#### Exercise input:
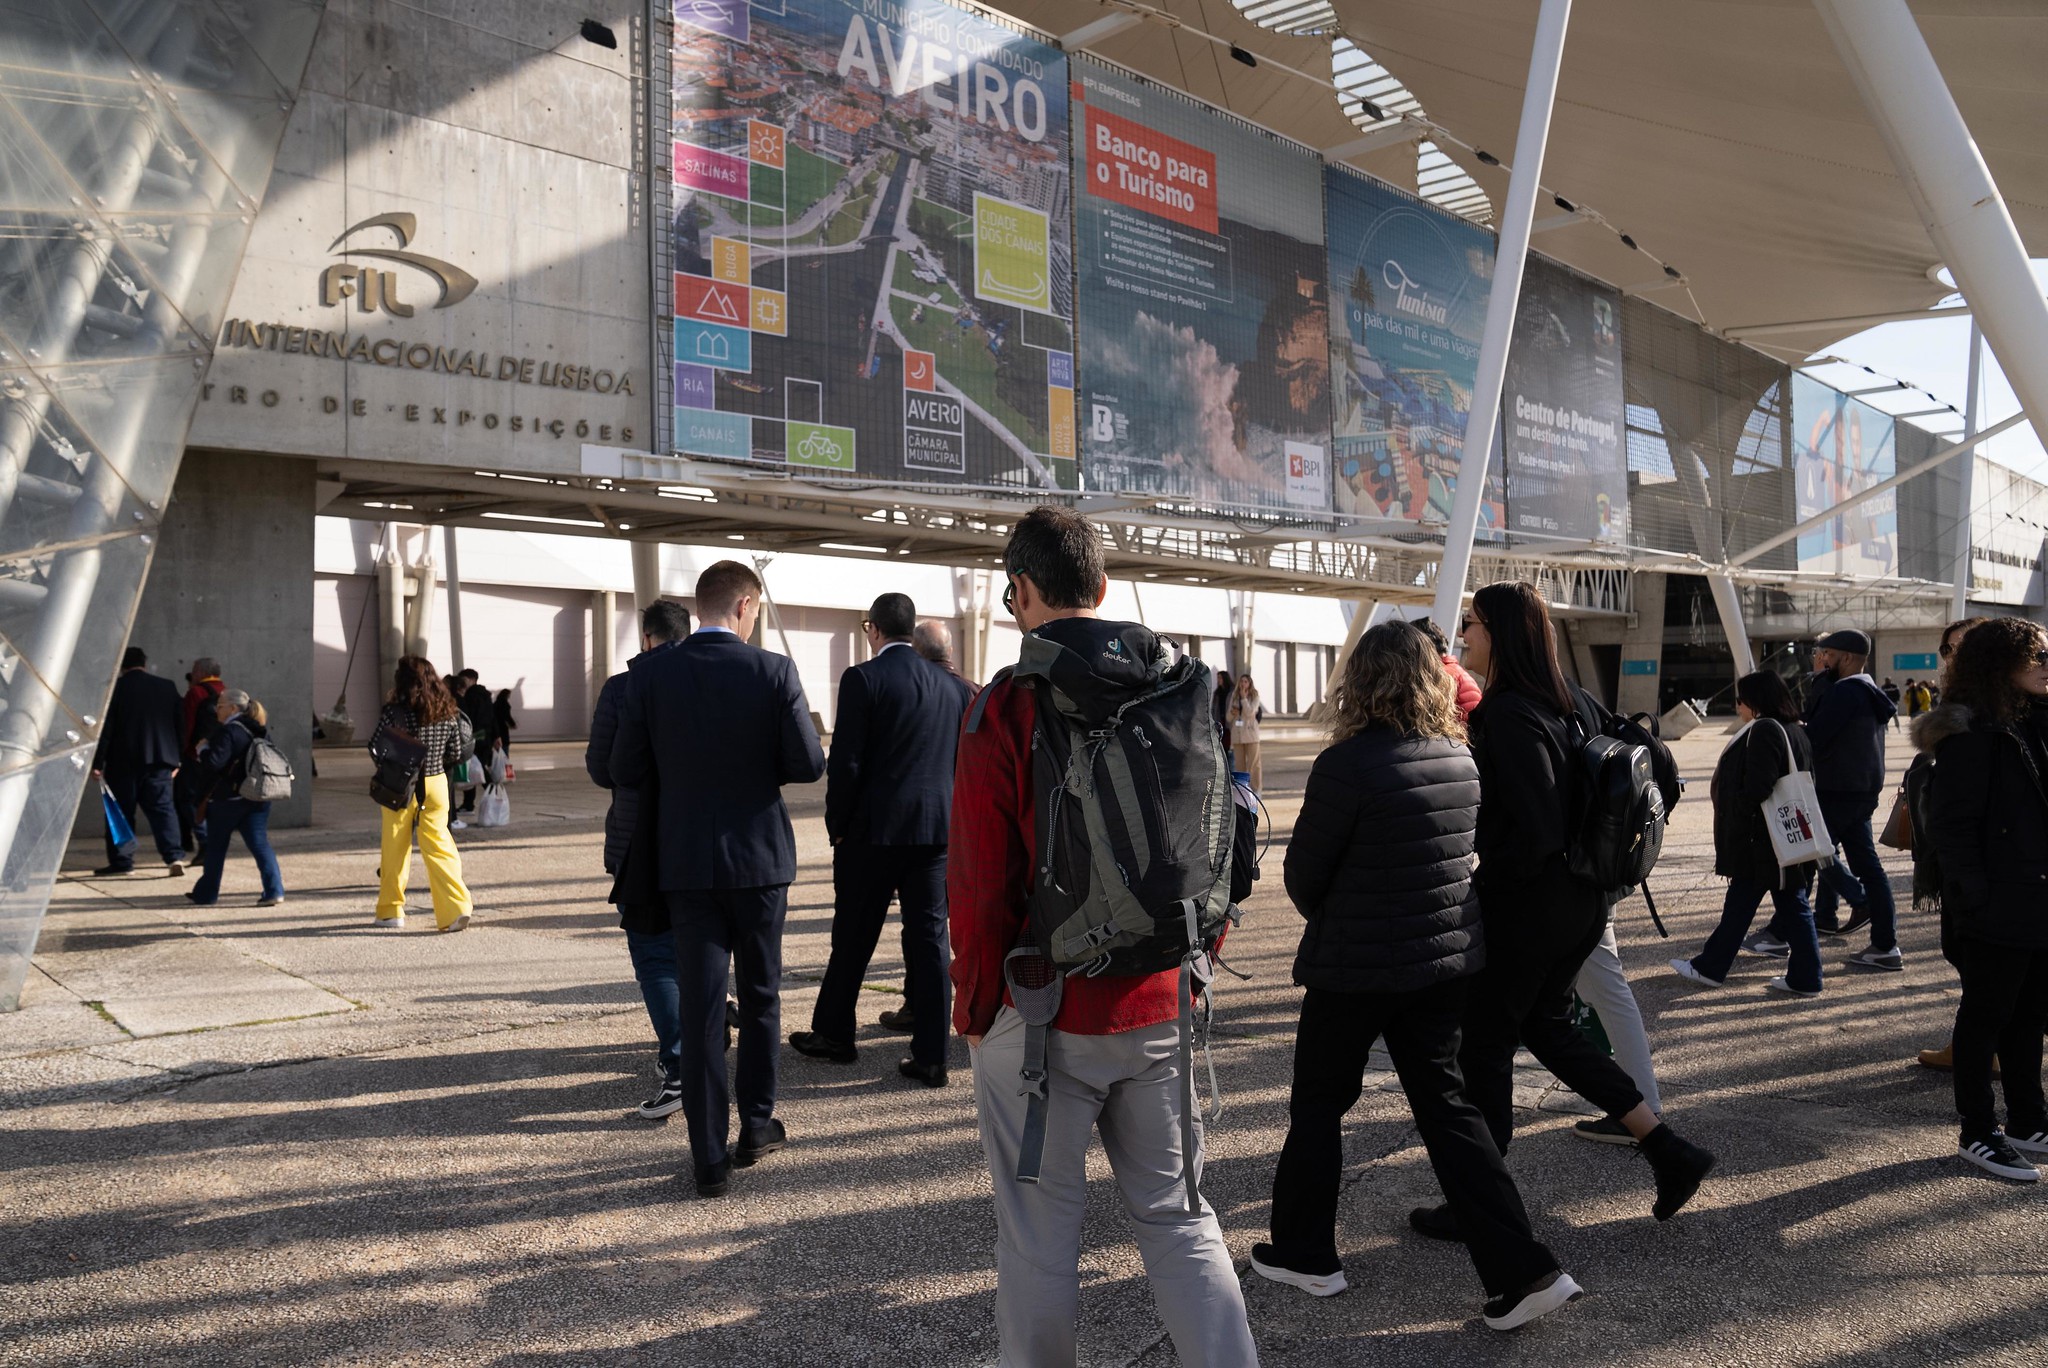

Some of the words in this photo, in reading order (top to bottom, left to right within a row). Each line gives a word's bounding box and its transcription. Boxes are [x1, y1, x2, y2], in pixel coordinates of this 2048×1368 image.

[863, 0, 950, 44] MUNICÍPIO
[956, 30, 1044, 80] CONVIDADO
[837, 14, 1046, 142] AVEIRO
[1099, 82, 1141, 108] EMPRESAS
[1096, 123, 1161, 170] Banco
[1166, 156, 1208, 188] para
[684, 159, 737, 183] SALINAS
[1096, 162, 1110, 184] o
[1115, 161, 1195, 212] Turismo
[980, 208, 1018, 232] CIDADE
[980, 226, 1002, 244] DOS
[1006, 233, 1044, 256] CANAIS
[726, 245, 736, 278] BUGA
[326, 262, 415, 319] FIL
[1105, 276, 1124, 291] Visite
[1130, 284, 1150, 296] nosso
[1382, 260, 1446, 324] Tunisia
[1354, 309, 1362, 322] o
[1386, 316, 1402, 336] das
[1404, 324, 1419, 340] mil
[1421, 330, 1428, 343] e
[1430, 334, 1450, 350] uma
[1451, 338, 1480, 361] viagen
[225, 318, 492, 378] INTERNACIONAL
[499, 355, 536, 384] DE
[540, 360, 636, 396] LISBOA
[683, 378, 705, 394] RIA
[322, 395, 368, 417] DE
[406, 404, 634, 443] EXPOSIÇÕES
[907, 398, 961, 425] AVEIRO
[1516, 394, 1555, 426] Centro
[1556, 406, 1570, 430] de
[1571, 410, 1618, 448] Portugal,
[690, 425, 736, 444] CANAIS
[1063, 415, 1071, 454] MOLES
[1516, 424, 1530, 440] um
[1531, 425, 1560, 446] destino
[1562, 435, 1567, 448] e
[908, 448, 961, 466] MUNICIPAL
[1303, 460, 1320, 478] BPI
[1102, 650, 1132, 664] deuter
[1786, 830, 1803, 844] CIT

#### Problem description:
Repeat the records above exactly, omitting every picture.

#### Answer:
Some of the words in this photo, in reading order (top to bottom, left to right within a row). Each line gives a word's bounding box and its transcription. Boxes are [x1, y1, x2, y2], in pixel coordinates of this 2048×1368 image.

[863, 0, 950, 44] MUNICÍPIO
[956, 30, 1044, 80] CONVIDADO
[837, 14, 1046, 142] AVEIRO
[1099, 82, 1141, 108] EMPRESAS
[1096, 123, 1161, 170] Banco
[1166, 156, 1208, 188] para
[684, 159, 737, 183] SALINAS
[1096, 162, 1110, 184] o
[1115, 161, 1195, 212] Turismo
[980, 208, 1018, 232] CIDADE
[980, 226, 1002, 244] DOS
[1006, 233, 1044, 256] CANAIS
[726, 245, 736, 278] BUGA
[326, 262, 415, 319] FIL
[1105, 276, 1124, 291] Visite
[1130, 284, 1150, 296] nosso
[1382, 260, 1446, 324] Tunisia
[1354, 309, 1362, 322] o
[1386, 316, 1402, 336] das
[1404, 324, 1419, 340] mil
[1421, 330, 1428, 343] e
[1430, 334, 1450, 350] uma
[1451, 338, 1480, 361] viagen
[225, 318, 492, 378] INTERNACIONAL
[499, 355, 536, 384] DE
[540, 360, 636, 396] LISBOA
[683, 378, 705, 394] RIA
[322, 395, 368, 417] DE
[406, 404, 634, 443] EXPOSIÇÕES
[907, 398, 961, 425] AVEIRO
[1516, 394, 1555, 426] Centro
[1556, 406, 1570, 430] de
[1571, 410, 1618, 448] Portugal,
[690, 425, 736, 444] CANAIS
[1063, 415, 1071, 454] MOLES
[1516, 424, 1530, 440] um
[1531, 425, 1560, 446] destino
[1562, 435, 1567, 448] e
[908, 448, 961, 466] MUNICIPAL
[1303, 460, 1320, 478] BPI
[1102, 650, 1132, 664] deuter
[1786, 830, 1803, 844] CIT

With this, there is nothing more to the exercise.